Yellowface in Breakfast at Tiffany's-Making a Racist Movie from a Non-racist Book
This entry was posted on 3/26/2009 5:23 PM and is filed under Media Issues.
Don't blame author Truman Capote for the racist flaw made from his short 1957 novel Breakfast at Tiffany's. In the book, the upstairs neighbor, Mr. Yunioshi, is a California-born photographer of Japanese descent, an adventurer who travels to remote parts of the world. His part in the novel is small, mainly because he is away travelling most of the time. In the 1961 movie, Yunioshi has been emasculated into a shuffling, buck-toothed, broken-English-speaking buffoon with the personality of a dottering old woman, played by Irish American actor Mickey Rooney (barely recognizable) with thick glasses and fake buck teeth. He is an object of comic "relief."
I don't know why director Blake Edwards saw the need for an ethnic buffoon, when in 1961, shuffling Negro buffoons had already been pushed aside for dignified black actors like Sidney Poitier. (Edwards later said he regretted the decision to create the stereotyped Japanese character.) To his credit, Edwards includes some noticeable black people in the on-location New York street scenes, which was not a given in Hollywood motion pictures of the day. So why be relatively progressive when including black people while degrading East Asian manhood?
Don't get me wrong. Aside from Mickey Rooney in yellowface, I like the film Breakfast at Tiffany's, and I felt guilty liking it because of the yellowface character. So I checked the book out of the library and read it.
To my pleasant surprise, Truman Capote's book was remarkably non-racist, written by a Southern Gay White man who was very aware that he (and other White people) actually shared the planet with myriad peoples of color. His 1958 book includes frank discussions of lesbianism and interracial sex that would hardly have passed Hollywood censors (in movies or TV) until the late 1970s. The heroine, Holly Golightly, is a former runaway child bride** from rural Texas who has remade herself into a French-speaking urban sophisticate. She is a mixture of the racist and the racially curious, reflecting both her small town origins and growing worldliness.
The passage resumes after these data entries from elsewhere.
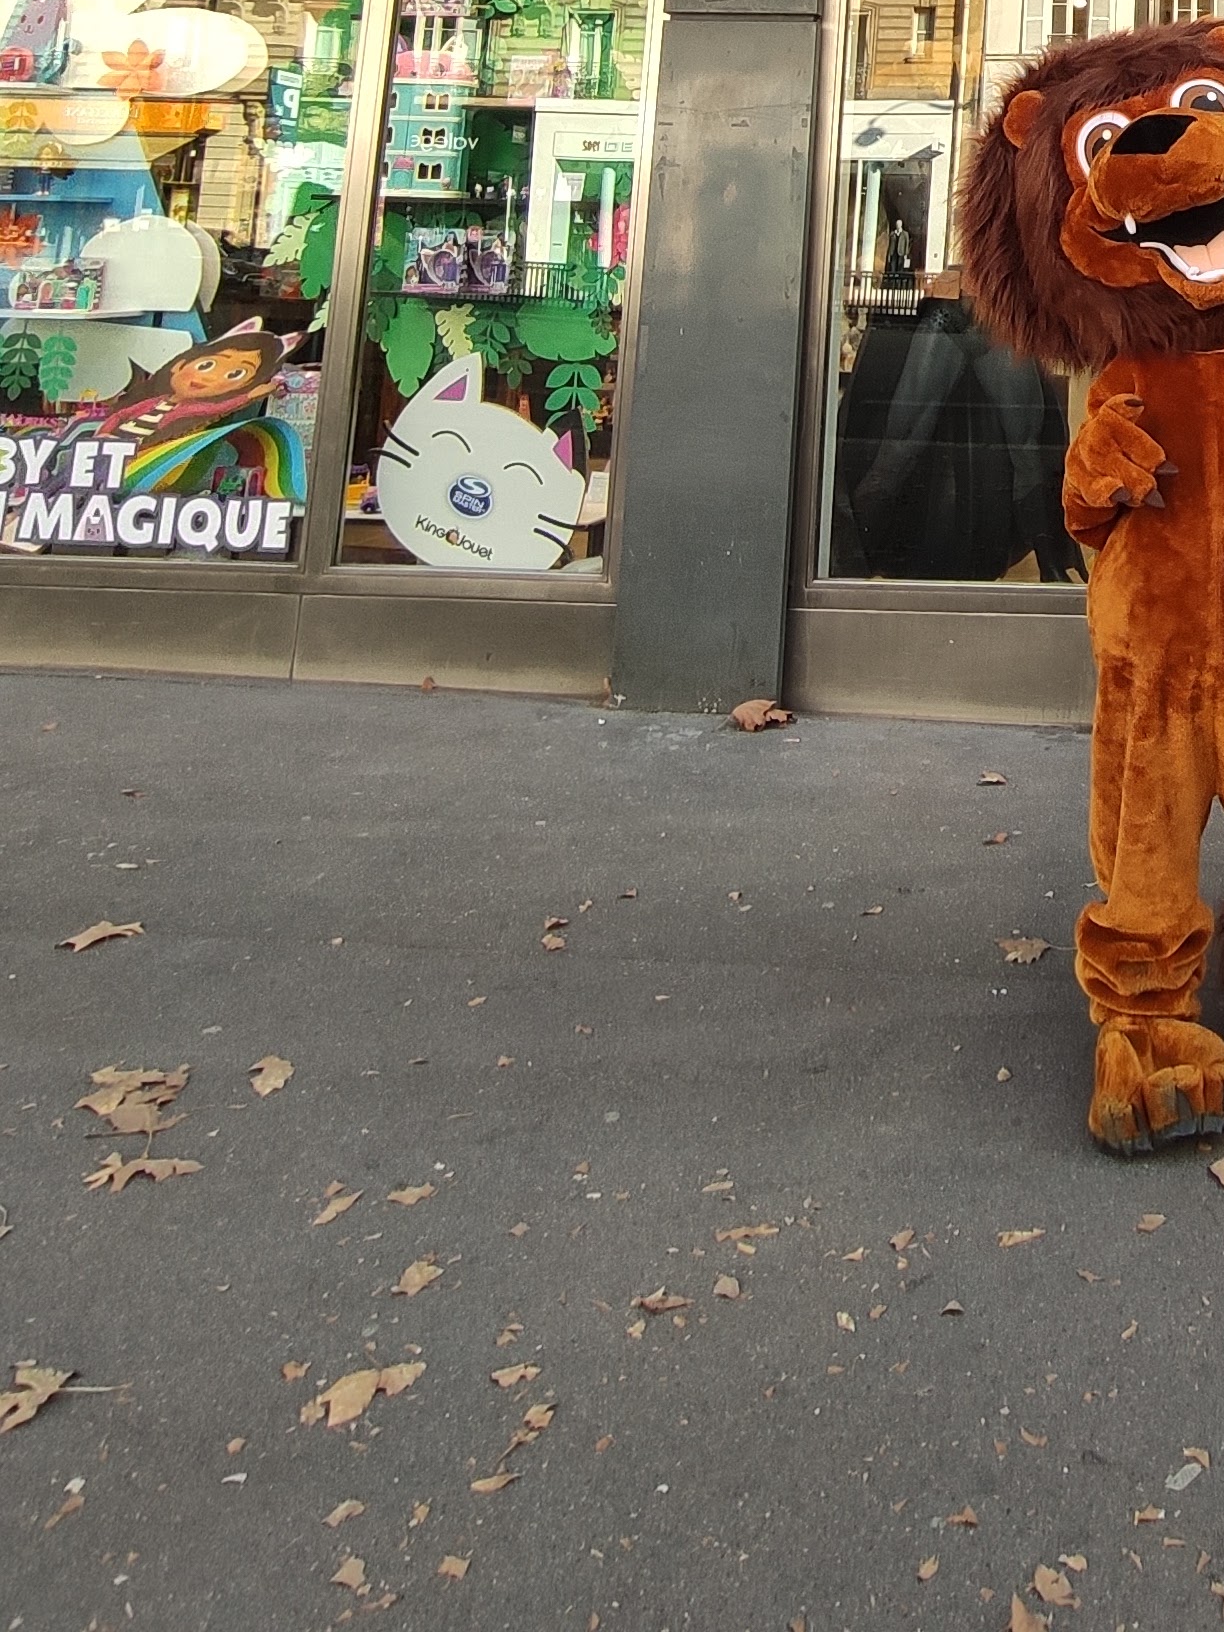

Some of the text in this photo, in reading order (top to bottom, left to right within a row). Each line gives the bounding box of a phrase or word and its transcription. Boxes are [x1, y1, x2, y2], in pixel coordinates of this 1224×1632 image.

[69, 441, 137, 488] ET
[453, 490, 485, 509] SPIN
[18, 492, 291, 552] MAGIQUE
[456, 534, 493, 561] Jouet
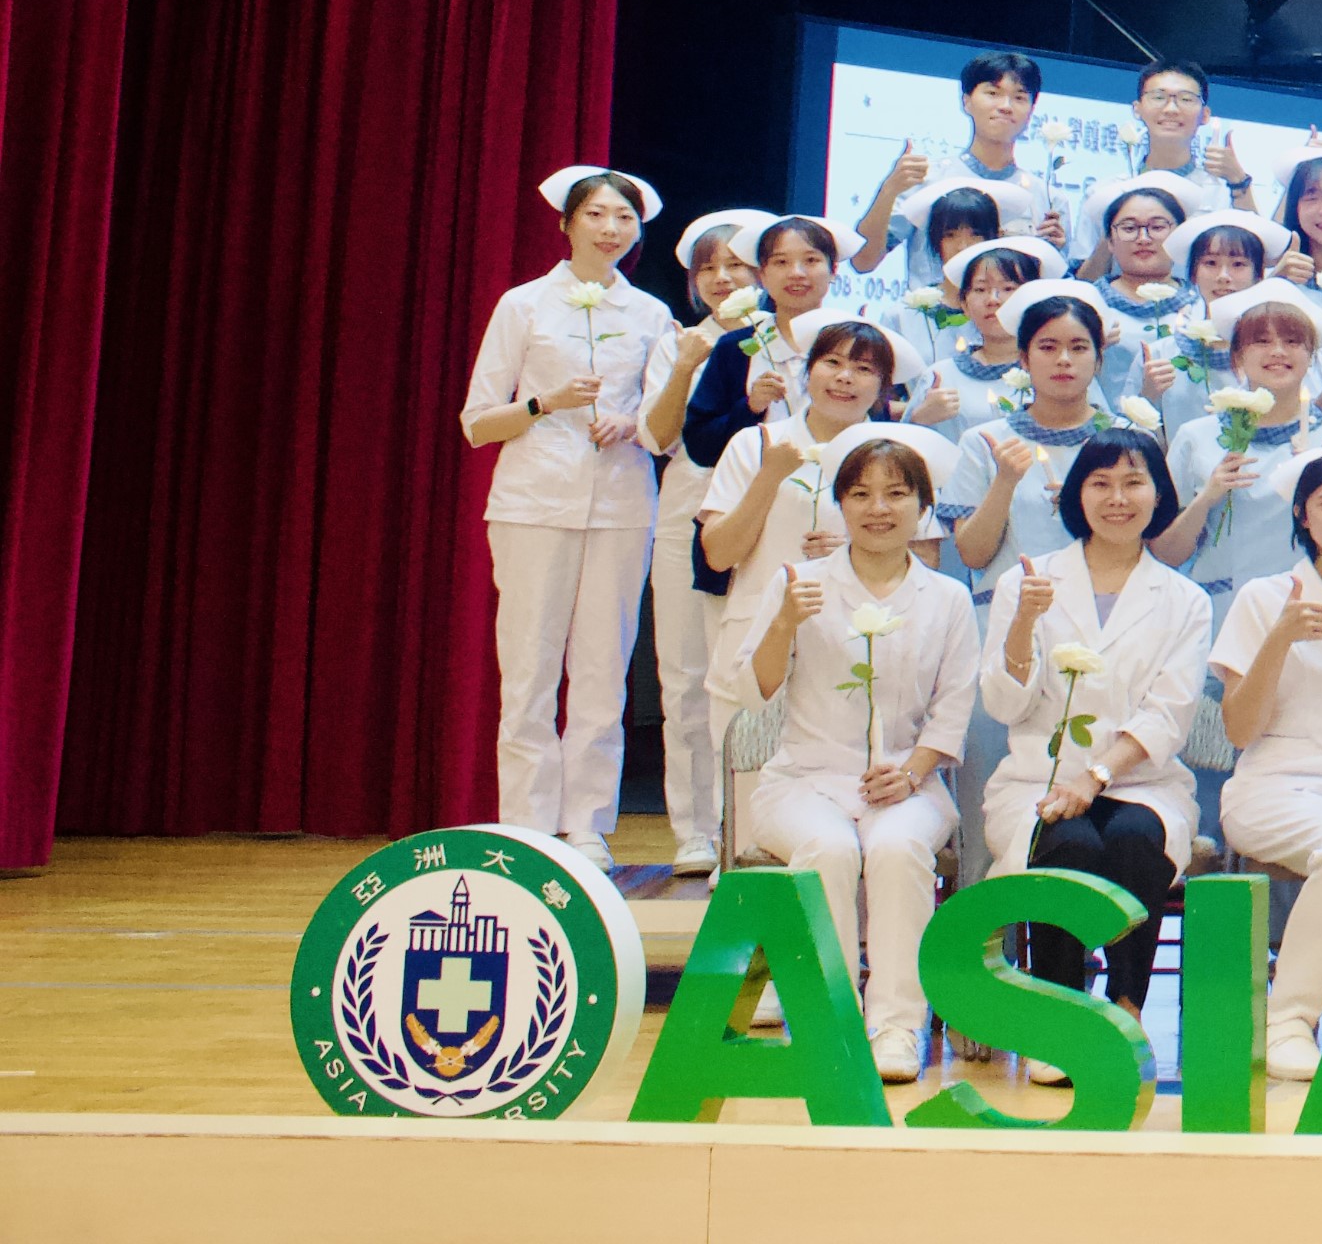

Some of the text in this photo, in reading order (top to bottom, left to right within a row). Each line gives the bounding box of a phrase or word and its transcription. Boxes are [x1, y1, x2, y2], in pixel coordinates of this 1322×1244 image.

[350, 843, 572, 910] 亞洲大學
[314, 1039, 368, 1112] ASIA
At one point she dismisses the first-person narrarator's short stories as rubbish about "brats and n***ers." At another she describes her delight at the well-dressed "colored children" who accompany their mothers to visit incarcerated relatives. Later still, she considers marriage to a rich Brazilian who she says has a touch of le negre, and that is would be nice to have a "coony baby with bright green beautiful eyes." She reports flirting under the table with a Cuban of Chinese and African descent. There is a rumor that she has shacked up for a few weeks with an African wood-carver deep in the bush. Of course, none of Holly's racial statements, positive or negative, make it into the movie. (In the book, Holly also maintains an avid interest in horses while in New York, relecting her rural roots.)
Audrey Hepburn, who played Holly Golightly in the movie, in real life devoted her later years to famine relief, helping hungry chidlren in Africa. Though she was descended from European nobility, she experienced hunger during World War 2. Her casting in the movie Gigi , was approved by Colette, the author of the book on which Gigi was based, in the autobiographical part. Colette, the French author, clearly states in her autobiography that she is of Haitian Creole descent. In the version of Breakfast at Tiffany's, that I borrowed from the library, there were two short stories of Capote's also included. One of them, House of Flowers, was set in Haiti.
By the way, the novel, Breakfast at Tiffany's has a different ending than the movie. As much as I liked the movie, including its touching theme song Moon River, the different ending of the book makes more sense, and is more consistent with the character of Holly Golightly.
**It is my sincere belief that Buddy Ebsen's portrayal of country veterinarian Dr. Golightly was part of the inspiration for his casting in the TV series The Beverly Hillbillies.